Since we’re being honest here, it’s amazing I’ve come as far as I have (a semi-functioning adult), considering I never really took to reading directions. When looking at recipes, I usually note the ingredients, but after that just kind of make up the order and style in which I mix them together. This turned out to be my polenta obstacle. Giada advised, and I finally listened. “Add ingredients gradually, stir constantly.” Well, that sounded like a lot of work. But it wasn’t! 15 minutes of gradual adding and stirring of cornmeal, parmesan cheese, and a dab of butter, and I had polenta success!
Atop the polenta went an assortment of roasted spring vegetables (roasted collard greens, where have you been all my life?), and a fried egg with a still gooey yolk. So delicious, so comforting, now I know what all those Italian mammas were talking about.
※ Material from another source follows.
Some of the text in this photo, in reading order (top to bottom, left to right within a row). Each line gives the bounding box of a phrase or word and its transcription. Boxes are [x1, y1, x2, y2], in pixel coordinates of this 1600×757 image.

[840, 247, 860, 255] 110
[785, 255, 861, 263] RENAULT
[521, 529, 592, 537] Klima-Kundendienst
Roasted Spring Vegetables over Polenta, with Fried Egg
- Small bunch of asparagus, trimmed
- 1 small red onion, chopped into big chunks
- Handful of mushrooms, sliced
- Collard greens, washed, dried, and torn into big pieces
- 1 egg per person
- 2 Tbs olive oil
- Salt, pepper, red pepper flakes
- Preheat oven to 400 degrees.
- Toss all vegetables with olive oil, salt, pepper, and red pepper flakes and spread on to 1-2 baking sheets, making sure every vegetable is touching the pan.
- Roast in oven 12-15 minutes, until vegetables are soften and browning on top (mushrooms and collards might finish first- take them off pan and keep others going.)
- While vegetables are roasting, make polenta ACCORDING to Giada’s instructions, except feel free to cut the butter in half.
- When vegetables and polenta are finishing, fry or poach eggs to your desired consistency. Assemble polenta, vegetables, and egg on plate in ascending order.